Football has always been primarily a collegiate sport, later migrating to the high schools, and then to the pros, but it was only in the 1960s that the NFL surpassed college football in terms of fan interest. Watching Clemson fans, it was clear that what distinguished them from baseball fans was a sense of personal ownership and belonging that baseball rarely achieves; they were Clemson alums, and in a very real and personal sense, Clemson was their team, which they supported not only by their allegiance, but by their contributions as well. The reason why pro football took so long to catch on was because it was impossible, for a long time, to create the sense of spectacle that the college game enjoyed; but with the aid of props like the Super Bowl this was eventually achieved.
Baseball really only exists on one level, the major leagues. The minor leagues are great fun, and I love going to see the Rochester Red Wings, but it is hard to feel that passionate about a team that, after all, only exists as a collection of spare parts for the Minnesota Twins, with the knowledge that if anyone gets really hot, they won’t be around Rochester very long. Football exists on three separate levels, high schools, colleges, and the NFL, each with its own devoted fans. And if baseball, that is the only baseball that matters, is entirely a feature of the largest cities, football is much more decentralized, with almost every city, and certainly every state, having its own teams and fierce rivalries. The fruitless efforts to create a national championship in collegiate football is proof of its essentially decentralized nature.
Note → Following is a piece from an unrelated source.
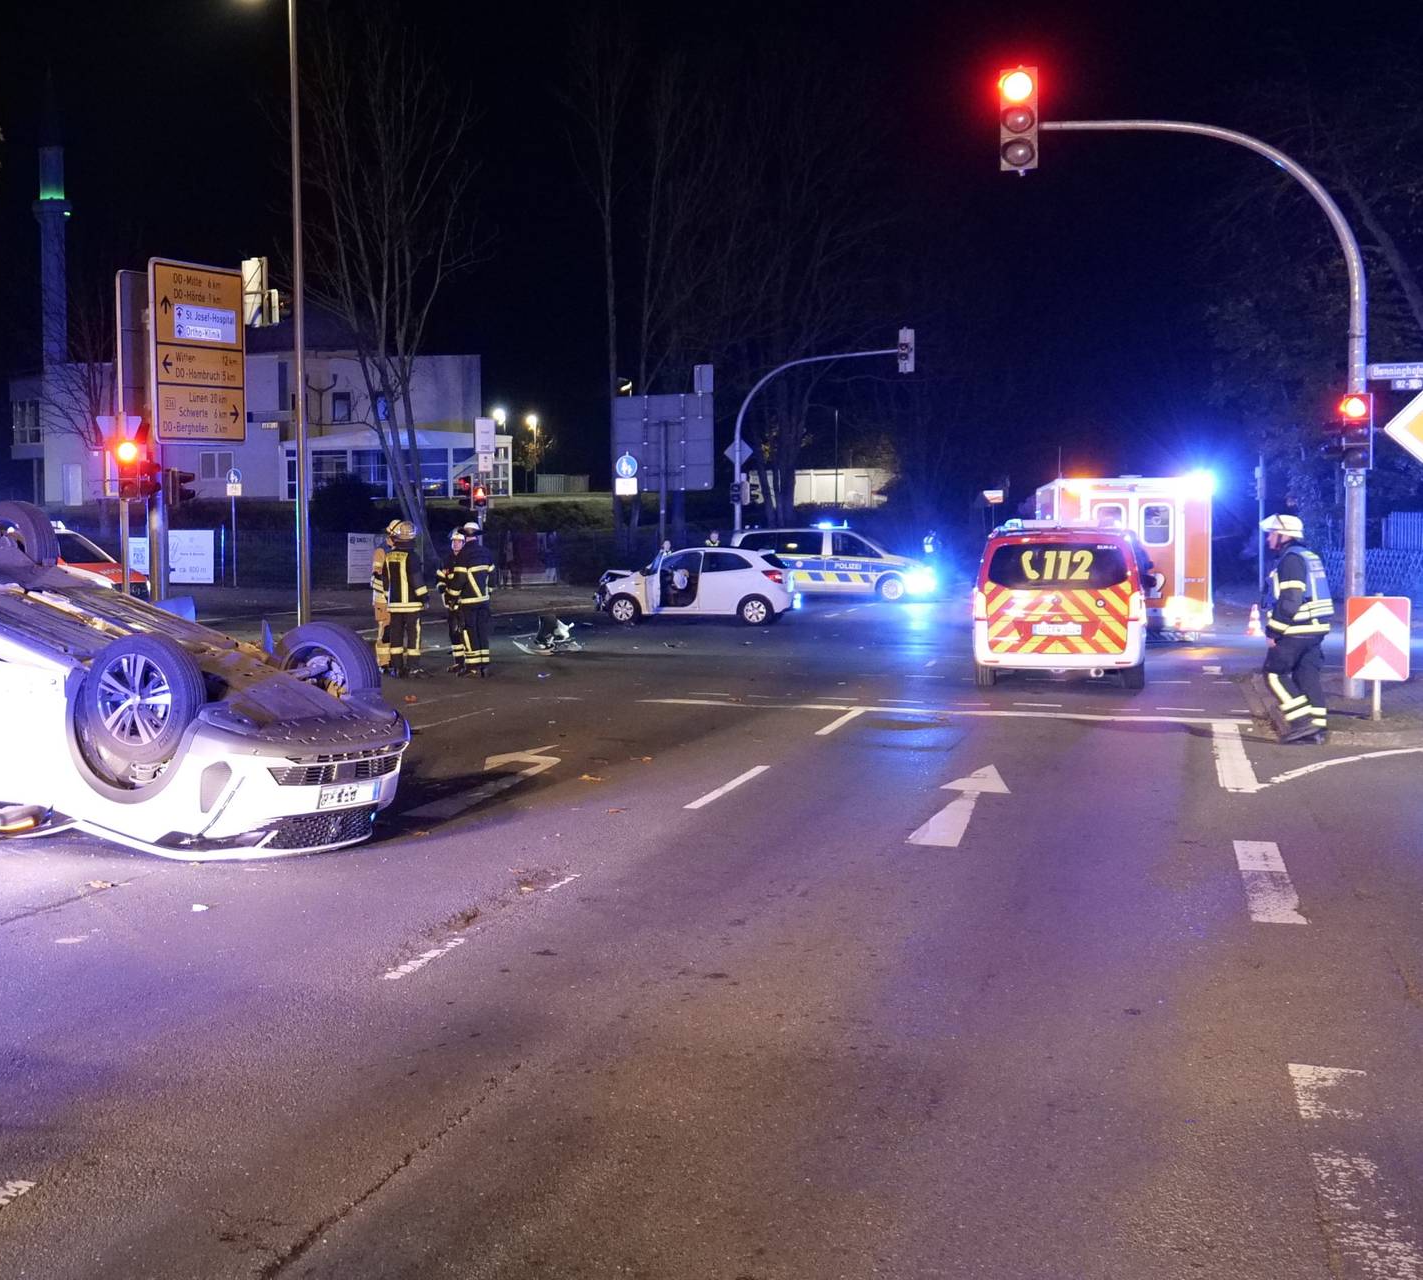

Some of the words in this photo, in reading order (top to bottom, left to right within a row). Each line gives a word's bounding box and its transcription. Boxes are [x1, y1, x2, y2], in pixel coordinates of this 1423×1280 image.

And football reflects America in all of its contradictions, elitism and snobbishness against the presumption of equality. It is now in football, not baseball, that the racially complexities of American society are best glimpsed in a sporting context.(American blacks don’t play baseball, and American whites aren’t good enough to play basketball on the highest level—all exceptions to those two generalizations duly noted) it is on the football field where whites, blacks, Latinos, and others play side by side. (Buzz Bissinger's Friday Night Lights, about Texas high school football, is a classic along those lines.)
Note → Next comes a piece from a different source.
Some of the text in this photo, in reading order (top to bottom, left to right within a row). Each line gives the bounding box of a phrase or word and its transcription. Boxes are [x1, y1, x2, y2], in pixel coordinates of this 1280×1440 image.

And perhaps the deepest contradiction in football, certainly in the college game, is between the amateur ideal and the reality of its quasi-professionalism, a conflict that has been going for over a century. (I was fascinated to learn that it really wasn’t until after WWII that the notion of the “athletic scholarship” was fully accepted by major colleges. Before that they paid players under the table and felt guilty about it, reflecting the basic contradiction in American life between its soaring ideals and its sordid underbelly.) It is, in the end, it is the sense of the “imagined community” that gives football its cultural potency. And it seems like this fall, as America's premier financial institutions, one by one, are tackled for big losses and forced from the game, we will need all the imagined communities we can join.